Treatments for HCV available in high-income countries today are highly effective, with rates of cure generally greater than 90%. In the years ahead, even more powerful combinations of all-oral anti-HCV drugs, called direct-acting antivirals (DAAs), will become available to treat all major strains of HCV.

Proteins and enzymes

There are many steps that are needed within an HCV-infected cell so that copies of HCV can be made. These steps involve proteins and enzymes. A combination of drugs that target multiple proteins and enzymes makes for a more effective regimen than one single drug alone. HCV proteins and enzymes are targets of DAAs and serve as ways to group DAAs. This grouping is also used when sorting strains of HCV that are resistant to DAAs.

NS3 and NS4A

The enzyme called NS3 is part of a vital step in the production of copies of HCV. A protein called NS4A, made by HCV-infected cells, enhances the activity of NS3. Examples of drugs that work by attacking NS3 and/or NS4A include the following:

  • asunaprevir (Sunvepra)
  • grazoprevir (in Zepatier)
  • paritaprevir (in Holkira Pak)
  • simeprevir (Galexos)
  • glecaprevir (formerly ABT-493)
  • voxilaprevir (formerly GS-9857)

All of the above-listed drugs are called protease inhibitors.


The enzyme NS5B is part of another vital step in the creation of copies of HCV. NS5B inhibitors are divided into subclasses such as nukes (sofosbuvir) and non-nukes (dasabuvir, in Holkira Pak).

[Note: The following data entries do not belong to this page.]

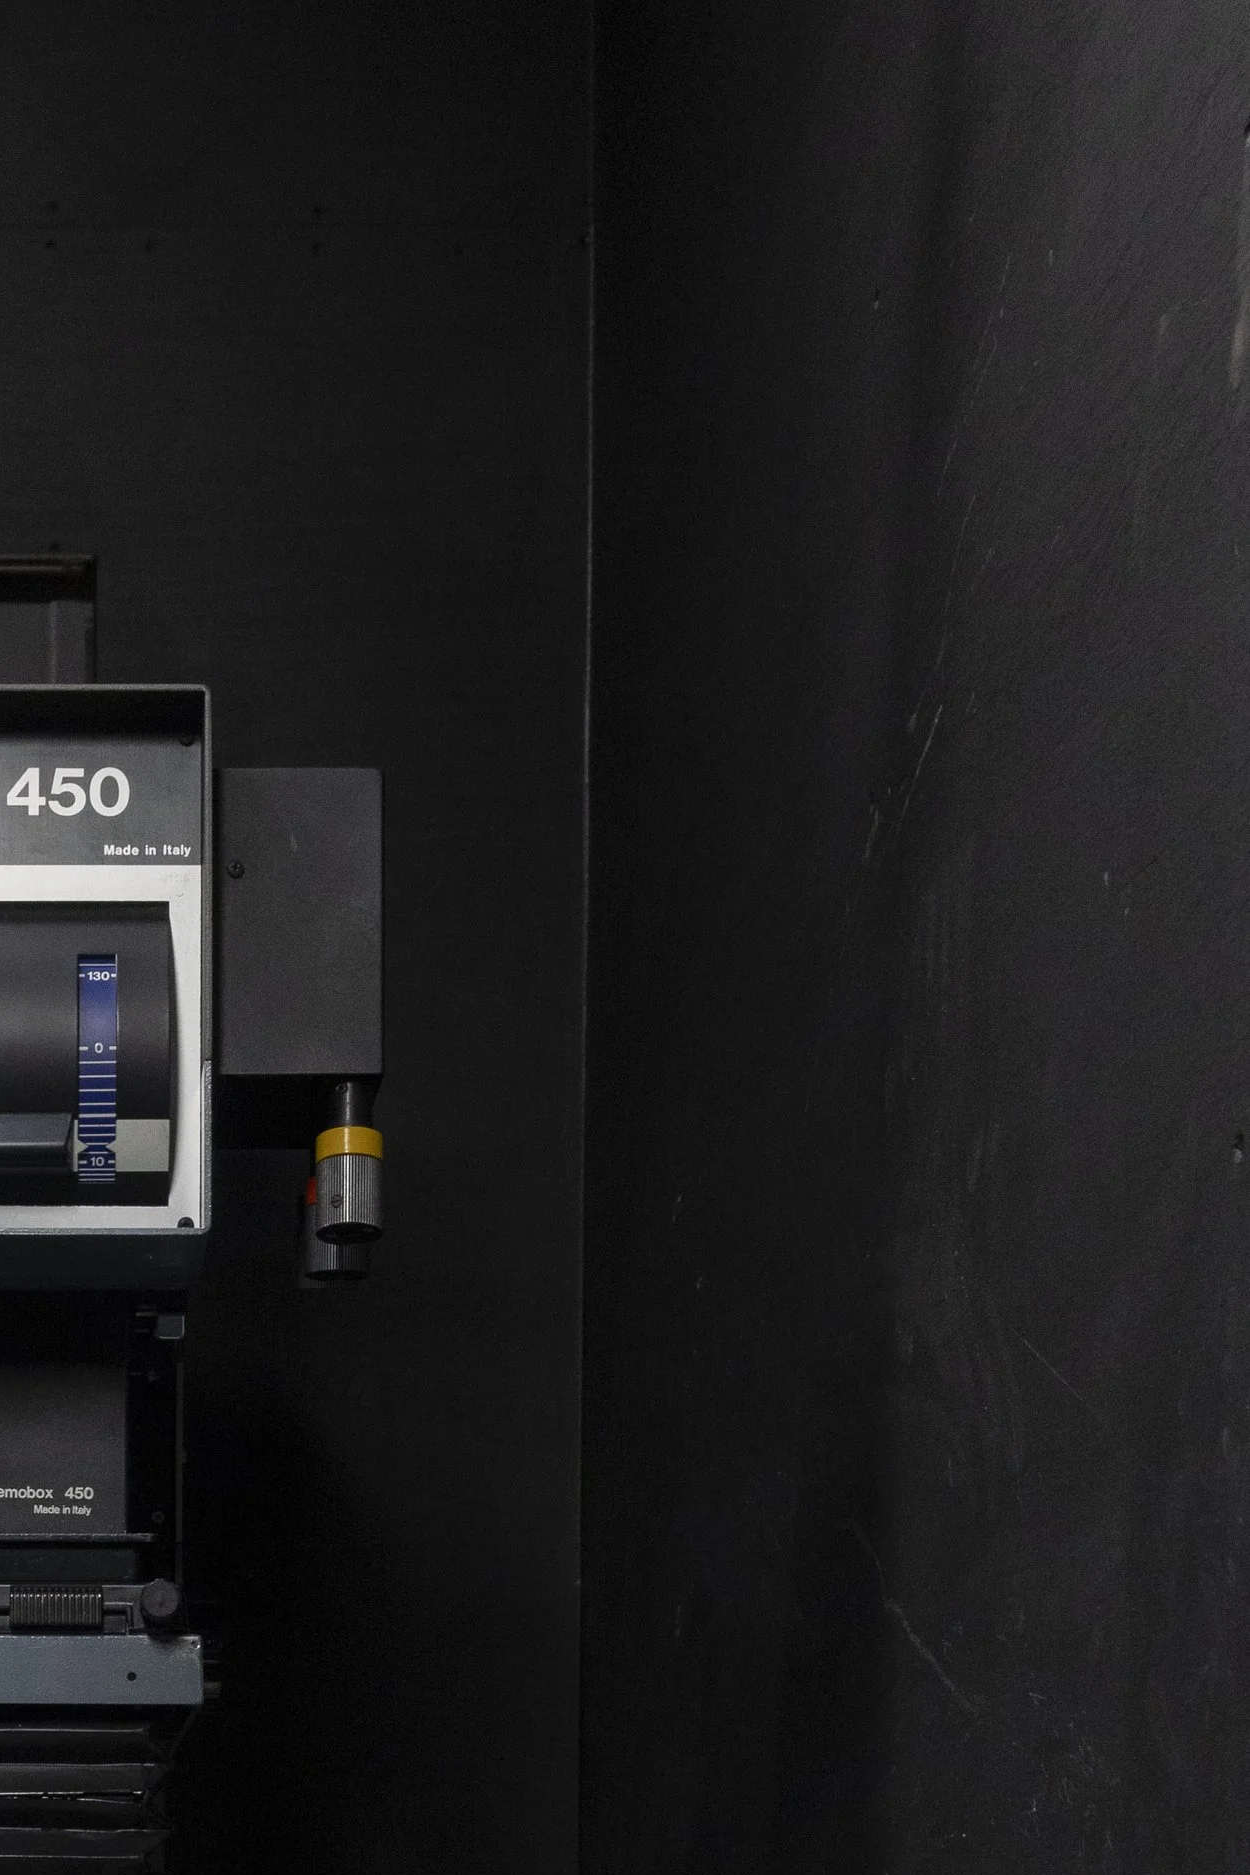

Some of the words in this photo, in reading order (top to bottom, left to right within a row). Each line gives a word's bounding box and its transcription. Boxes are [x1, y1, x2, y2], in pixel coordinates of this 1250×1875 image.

[6, 767, 130, 816] 450
[104, 844, 139, 855] Made
[145, 845, 156, 855] in
[163, 844, 191, 857] Italy
[88, 971, 110, 981] 130
[95, 1043, 103, 1053] 0
[91, 1157, 104, 1166] 10
[65, 1487, 94, 1499] 450
[34, 1505, 60, 1514] Made
[72, 1505, 92, 1516] Italy
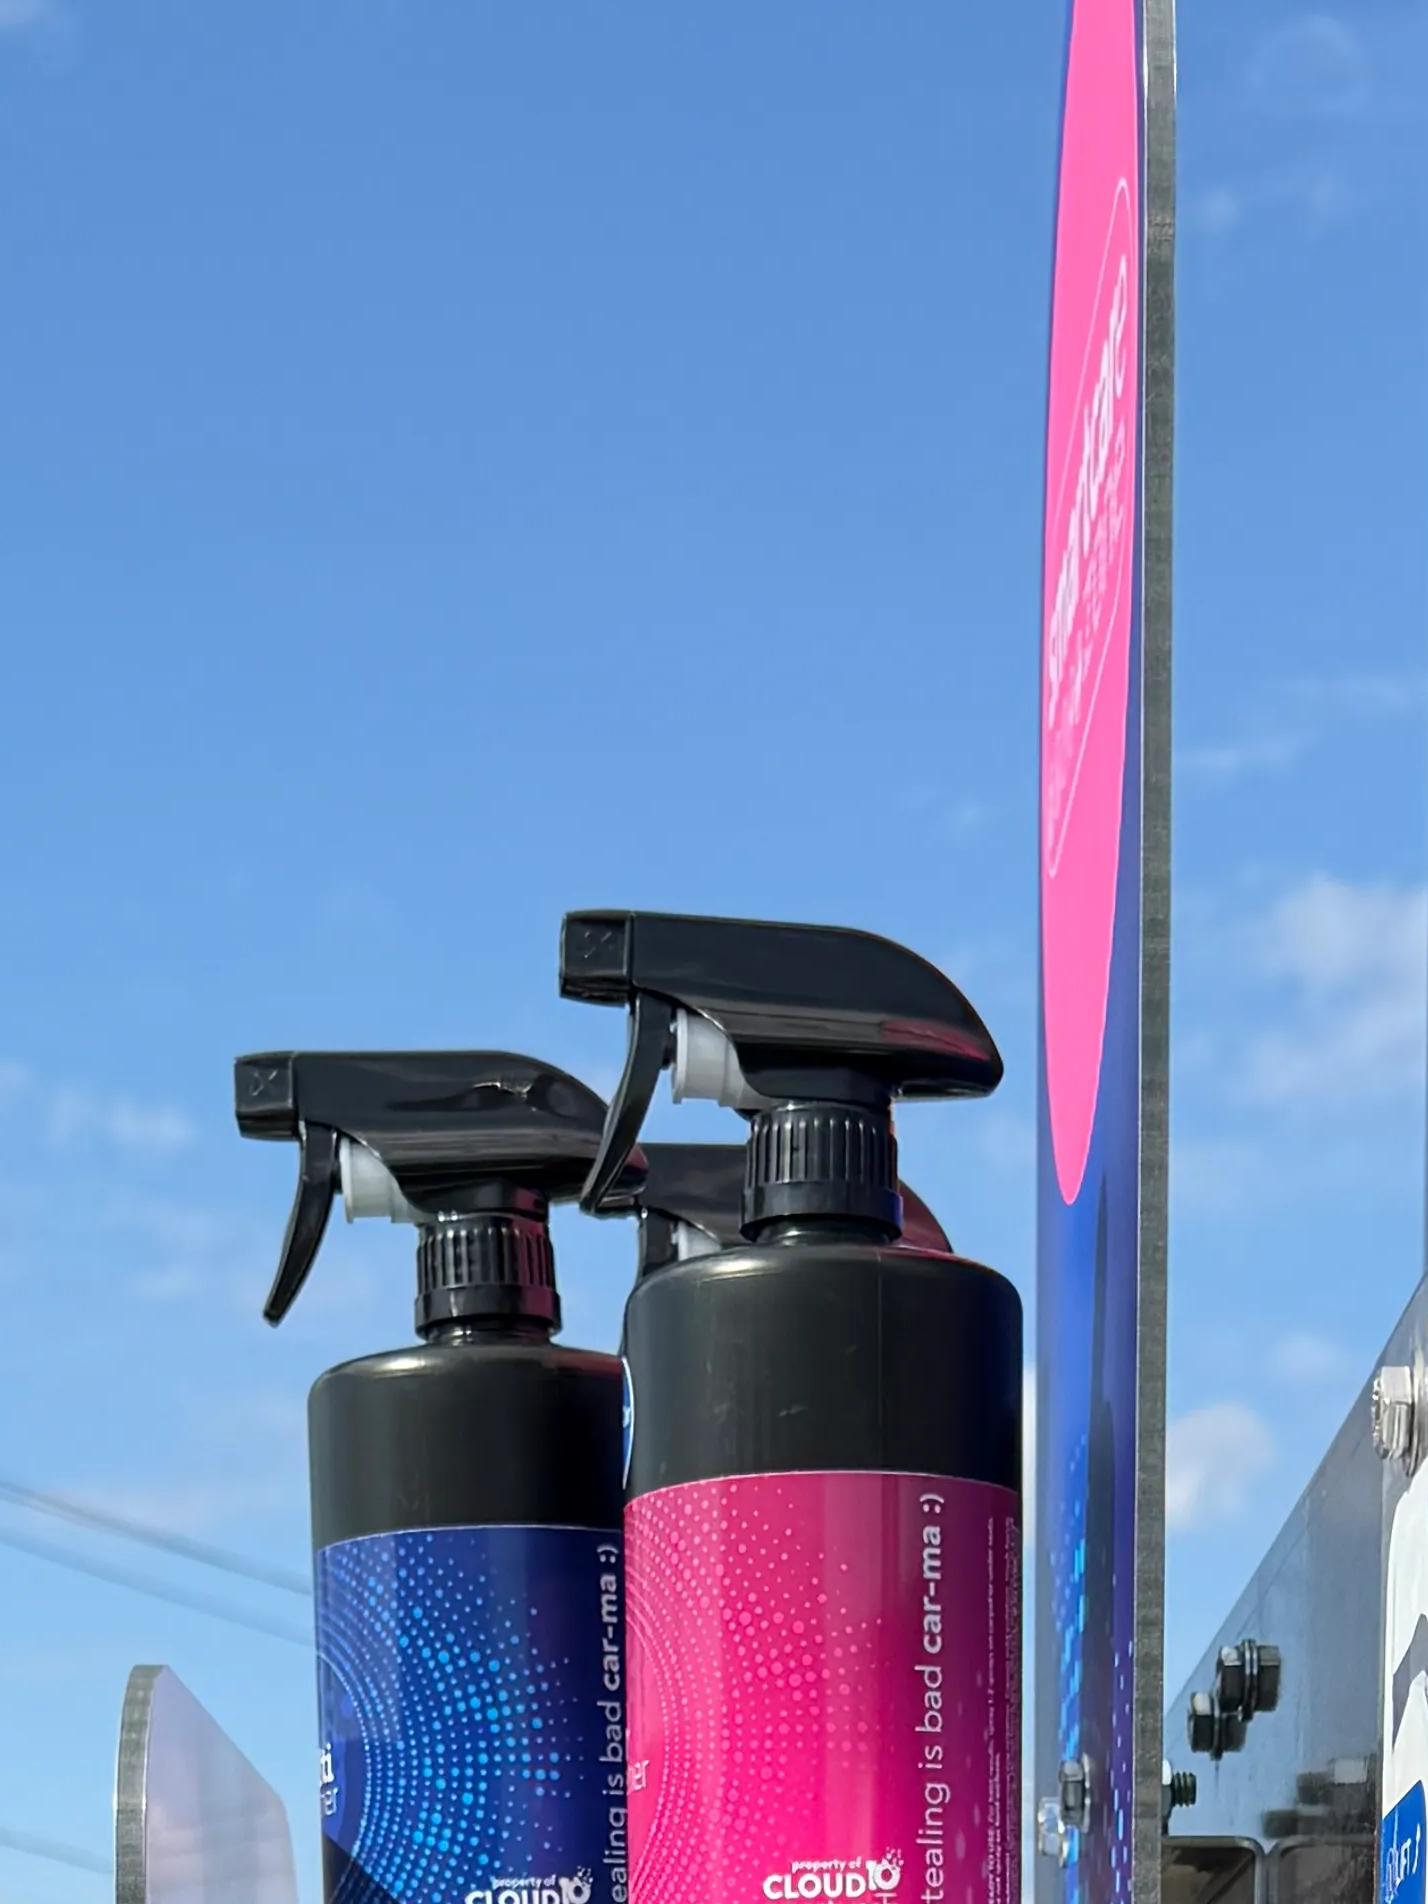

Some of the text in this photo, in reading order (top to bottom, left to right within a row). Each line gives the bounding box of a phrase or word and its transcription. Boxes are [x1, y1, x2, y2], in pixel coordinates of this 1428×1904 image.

Researchers are not certain about the exact role of this protein, but it is critical to the production of HCV. Inhibitors of NS5A include the following:

  • daclatasvir (Daklinza)
  • ledipasvir (in Harvoni)
  • elbasvir (in Zepatier)
  • ombitasvir (in Holkira Pak)
  • velpatasvir (in Epclusa)
  • pibrentasvir (formerly ABT-530)

—Sean R. Hosein


Gotte M, Feld JJ. Direct-acting antiviral agents for hepatitis C: structural and mechanistic insights. Nature Reviews. Gastroenterology & Hepatology. 2016 Jun;13(6):338-51.